In 2015, all 3 falls effect measures were significantly reduced for the commencement time in 6 years. When volunteer-delivered instruction videos and three-mode bed exit alarms were used, a significant decrease was observed in patient falls (xx%), falls with any injury (forty%) and falls with serious injury (85%). Injury reduction met and serious injury reduction exceeded the Partnership for Patients goal of a 40% reduction.
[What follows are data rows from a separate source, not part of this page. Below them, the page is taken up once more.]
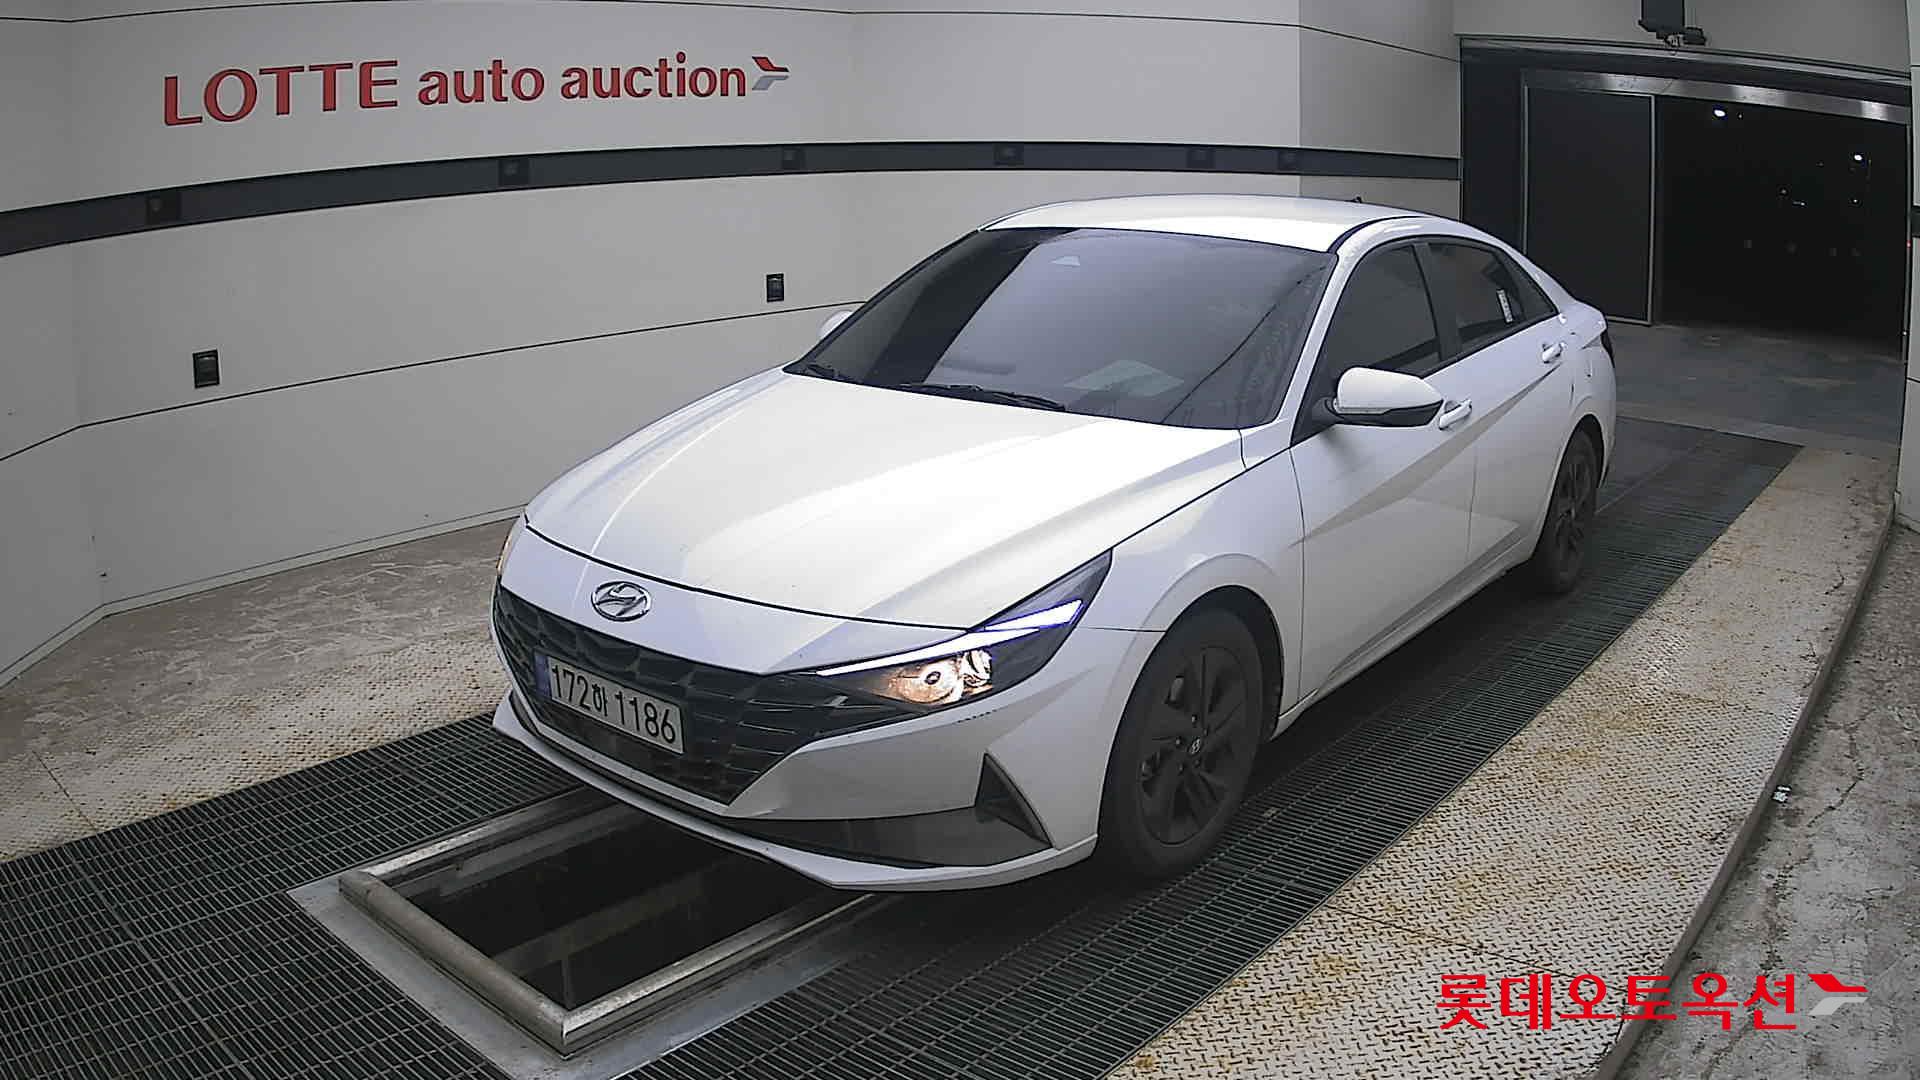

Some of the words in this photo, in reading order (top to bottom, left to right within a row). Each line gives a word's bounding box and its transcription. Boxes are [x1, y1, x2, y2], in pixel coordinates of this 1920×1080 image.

[163, 60, 399, 125] LOTTE
[416, 59, 545, 106] auto
[560, 51, 748, 99] auction
[552, 664, 609, 717] 172하
[614, 690, 677, 744] 1186
In dissimilarity to previous studies, this written report constitute positive results from the use of bed go out alarms. This is the first known report to examine the furnishings of an exit alarm that is integrated into the bed. The comeback sustained in the current study may be attributable to targeting patients who stood to benefit: nursing staff were instructed to select patients who were both at risk of falls and subsequent injury and unable or unwilling to reliably use the call bong. Such run a risk stratification may assist avoid alarm fatigue. Nursing staff believed that utilize of the exit alert helps past freeing upward staff from continuous ascertainment because it functions equally an actress 'call low-cal'. Quarterly survey data on medical-surgical units showed a modest decrease in the percentage of patients with close ascertainment past nurse assistants from eighteen% during the baseline menstruum to 12% in 2015. Nonetheless, staff were twice as likely to witness a patient fall in 2015 every bit they were during the baseline period. Although the increase in falls physically assisted by a staff number was not statistically significant, the opportunity to reach the patient merely before falling appears to have increased in the follow-up menses. It is also possible that the audio stimulus delays or stops the patient's bed exit. The finding that injuries and especially serious injuries were reduced supports the theory that the three-style bed exit alarm alerts staff before the patient is fully standing and ambulating and at risk of striking the floor at a higher velocity.
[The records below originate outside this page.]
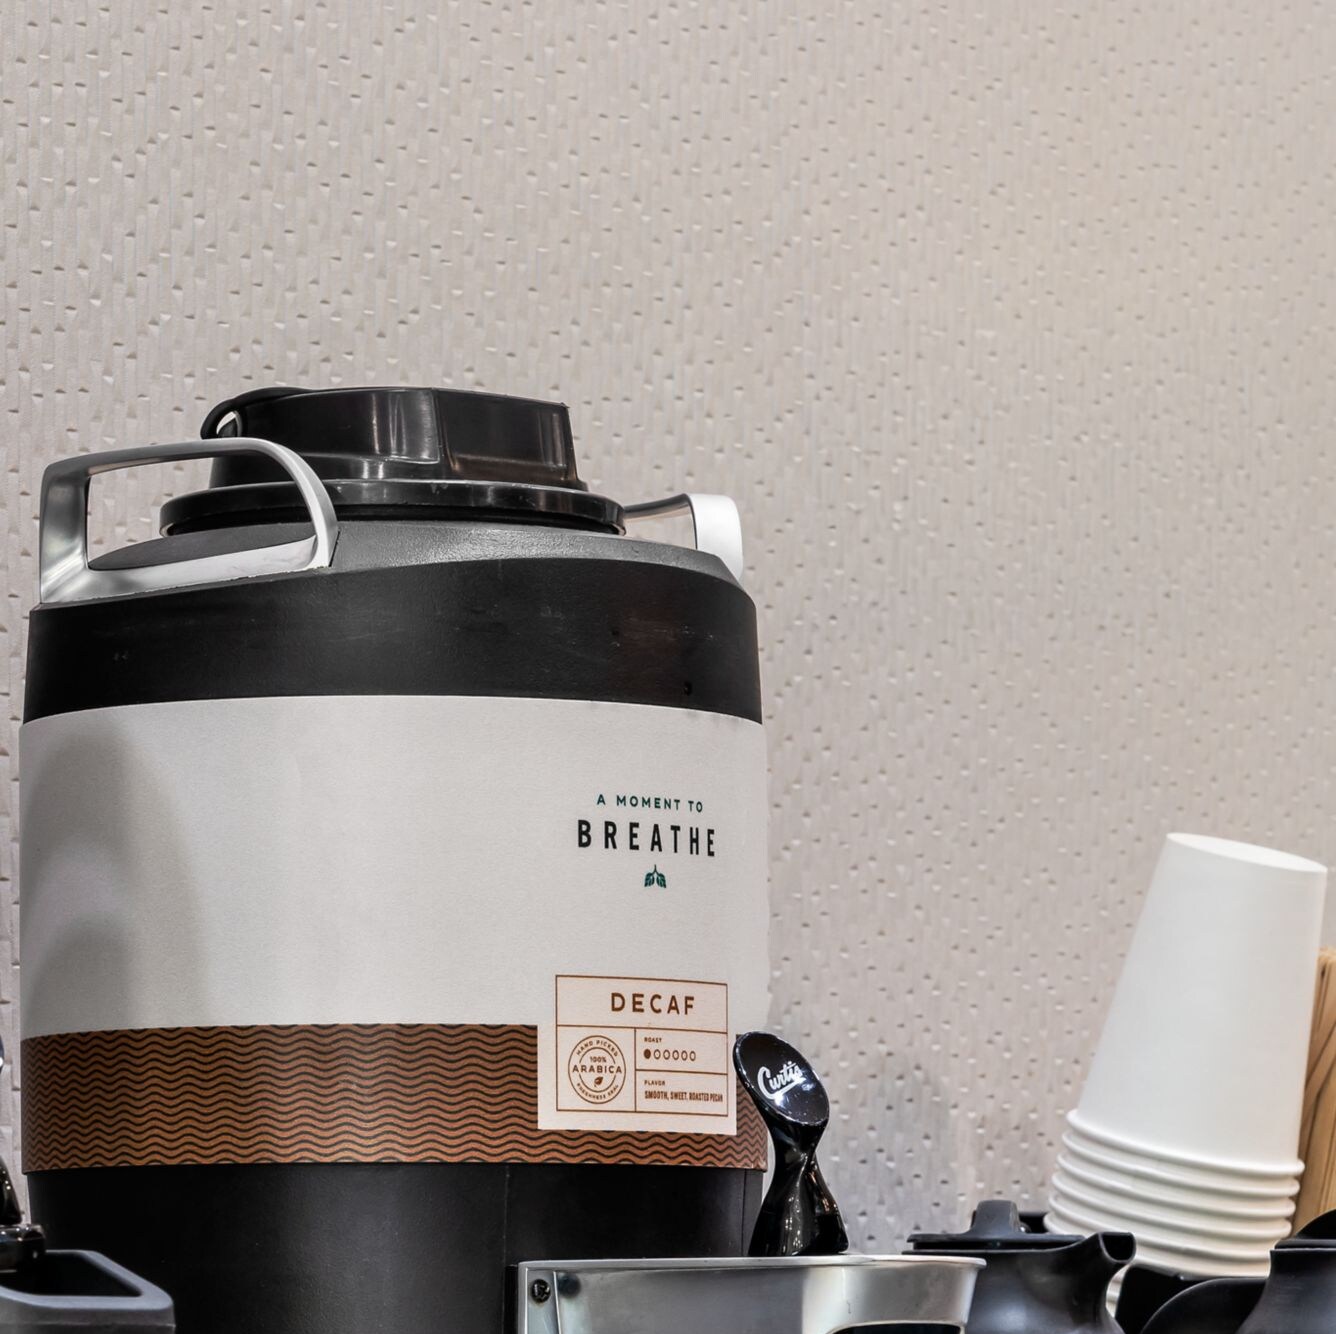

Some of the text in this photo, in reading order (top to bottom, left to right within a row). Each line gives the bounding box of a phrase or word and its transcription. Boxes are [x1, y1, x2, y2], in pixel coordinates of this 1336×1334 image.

[596, 794, 703, 813] A MOMENT TO
[577, 819, 715, 857] BREATHE
[611, 992, 695, 1016] DECAF
[576, 1039, 618, 1057] HAND PICKED
[644, 1036, 662, 1044] ROAST
[572, 1064, 622, 1074] ARABICA
[757, 1061, 806, 1101] Curtis
[644, 1090, 669, 1101] SMOOTH,
The falls icons were never fully implemented considering adherence was challenging. Unlike the Dykes et al14 written report, the icons were not printed automatically when the nurse screened the patient. When icons were placed above the head of the patient'southward bed, it was physically difficult to conform them. Considering falls screening is washed every 12-hour shift by the registered nurse, it was necessary to adjust the icons twice a day per patient. Training was inadequate and at that place was business about excessive visual signalling as the icons were added to the meteor magnet on the patient'due south room doorway. Future work being considered includes placement of falls prevention icons on erasable board (white board) visible to all who enter the room, too as the patients and their family. In order to decrease the number of icons, it may be useful to focus on a single visual reminder to mobilise with help. Any changes and tests of icons should include front-line staff as well as patients.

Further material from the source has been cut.